Subset selection of performance metrics describing system-software
interactions.
Nayda G. Santiago, Michigan State University
Diane T. Rover, Iowa State University
Domingo Rodriguez, University of Puerto Rico at Mayaguez
Problem Statement:
Performance data analysis is integral to the process of tuning parallel applications to advanced architectures. Large volumes of data with complex relationships need to be analyzed, and it is becoming increasingly difficult as the scale of the systems increases along with the possible metrics to observe. As a first step to understanding the relationships in the observed performance, we are interested in automatically identifying important relationships that have the most bearing on system performance. One of the challenges to doing this is determining which metrics carry the most relevant information about relationships and the behavior of the system under study.
Feature subset selection methods are suitable to establish which metrics are important to understand the behavior of the system. Feature selection involves two main steps: the identification of the dimensionality of the data and the use of feature subset selection methods. Identification gives an estimate how many metrics are necessary to explain the behavior of the system-software interactions. Subset selection indicates which metrics will best describe the system. These methods require the use of a cost function. The appropriate cost function for the high-performance computing (HPC) environment also needs to be defined.
Statement of Approach:
A detailed comparison of metric selection methods for the analysis of HPC instrumentation data using different subset selection methods is presented. A case study application of finite elements methods for conformal antenna analysis is shown. The number of features required for subset selection so as to preserve the variability of the data is given by Velez-Reyes and Jimenez [1]. Three methods to determine the number of metrics to be retained were used: cumulative percentage of total variation, size of variances of principal components, and scree graph. The subset selection methods presented are sequential forward selection, sequential backward selection, plus l-take away r, and SVD subset selection [1, 2]. An entropy measure was used as the cost function. A subset of metrics selected by each method are shown and analyzed. The results indicate that we can effectively automate early steps in exploratory data analysis, thus pointing users to the most important data as well as enabling more advanced analysis and automatic decision-making.

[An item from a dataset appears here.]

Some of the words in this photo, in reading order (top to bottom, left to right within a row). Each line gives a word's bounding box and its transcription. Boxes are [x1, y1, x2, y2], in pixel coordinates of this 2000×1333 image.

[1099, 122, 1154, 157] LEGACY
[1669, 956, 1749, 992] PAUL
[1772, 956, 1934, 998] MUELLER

[1] M. Velez-Reyes and L.O. Jimenez. Subset selection analysis for the reduction of hyperspectral imagery. Proc. IGARRS’98, p. 1577-1581.

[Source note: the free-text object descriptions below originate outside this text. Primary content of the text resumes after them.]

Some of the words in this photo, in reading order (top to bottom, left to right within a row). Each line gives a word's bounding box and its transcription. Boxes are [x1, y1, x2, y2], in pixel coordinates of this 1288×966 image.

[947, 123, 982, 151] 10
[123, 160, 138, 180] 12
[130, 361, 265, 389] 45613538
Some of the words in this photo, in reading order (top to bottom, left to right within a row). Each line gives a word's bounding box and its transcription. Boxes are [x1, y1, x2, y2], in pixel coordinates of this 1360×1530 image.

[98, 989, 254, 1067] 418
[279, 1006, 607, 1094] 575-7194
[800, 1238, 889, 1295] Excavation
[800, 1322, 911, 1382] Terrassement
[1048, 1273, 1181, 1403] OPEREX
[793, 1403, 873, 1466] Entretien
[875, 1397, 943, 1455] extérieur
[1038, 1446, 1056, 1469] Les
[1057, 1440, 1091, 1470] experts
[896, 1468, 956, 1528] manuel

[2] D. Zongker and A.K. Jain. Algorithms for Feature Selection: An Evaluation. Proc. Intl. Conf. Pattern Recognition, p. 18-22, 1996.

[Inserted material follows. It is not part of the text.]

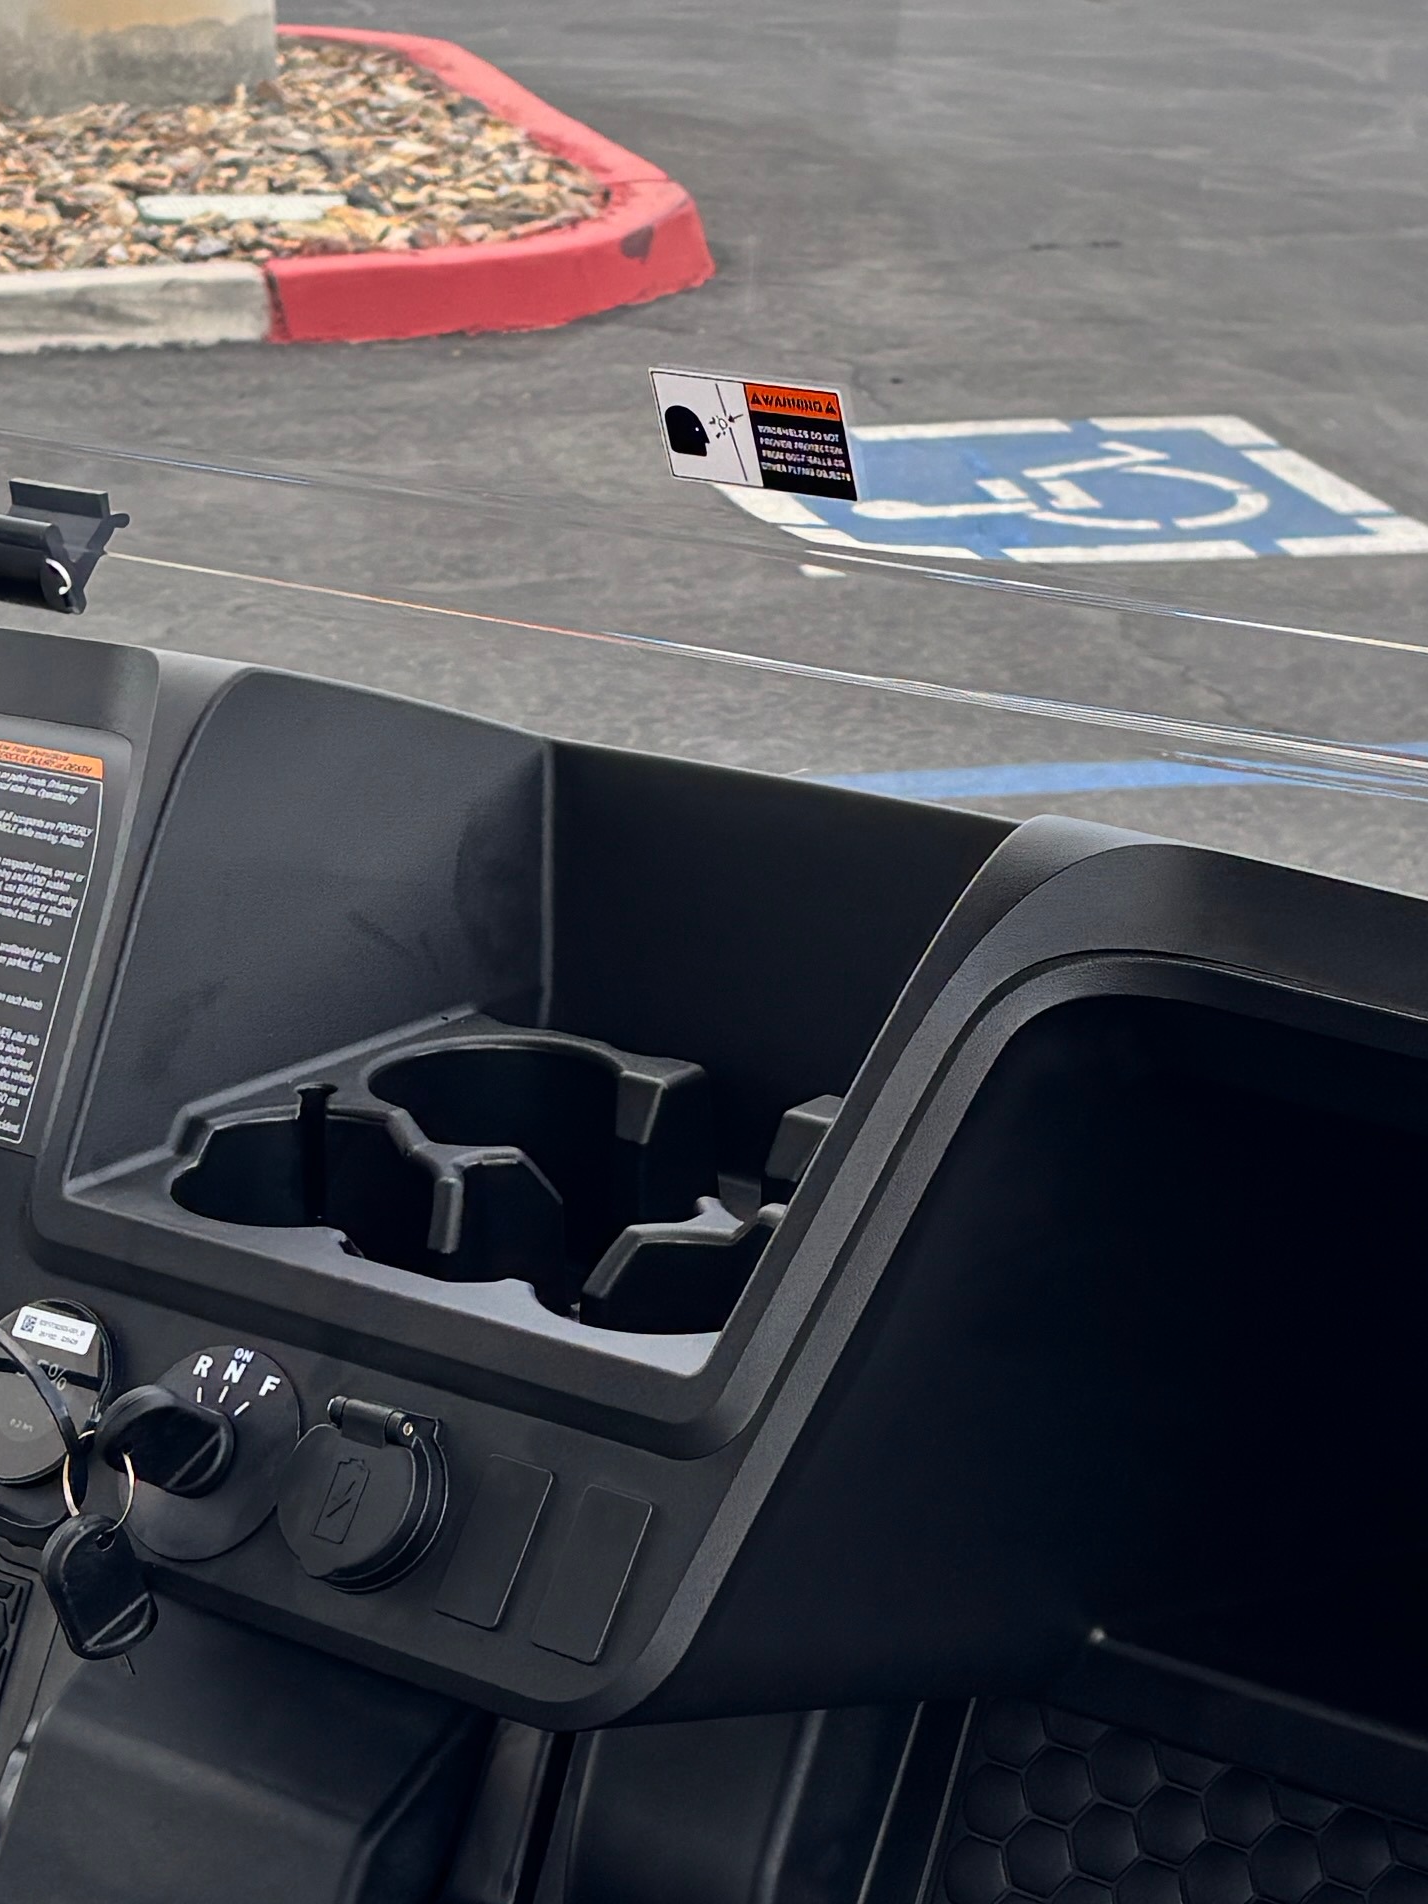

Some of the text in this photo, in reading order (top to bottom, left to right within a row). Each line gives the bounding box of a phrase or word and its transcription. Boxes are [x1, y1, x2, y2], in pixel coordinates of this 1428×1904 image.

[762, 394, 823, 412] WARNING
[234, 1347, 255, 1363] ON
[192, 1354, 280, 1396] R N F

Description of Visual Presentation:
The poster will contain an abstract, an introduction, a description of the importance of dimensionality/subset selection methods, results from a case study showing validity of the method, analysis of results, and conclusions.
A demonstration will be held using a laptop in which all steps in the methodology will be illustrated. The audience will be encouraged to submit their data sets to be analyzed using this methodology and to predict which metrics are the most important ones for their specific software and hardware. Then we will compare their estimate with the actual outcome from the methods.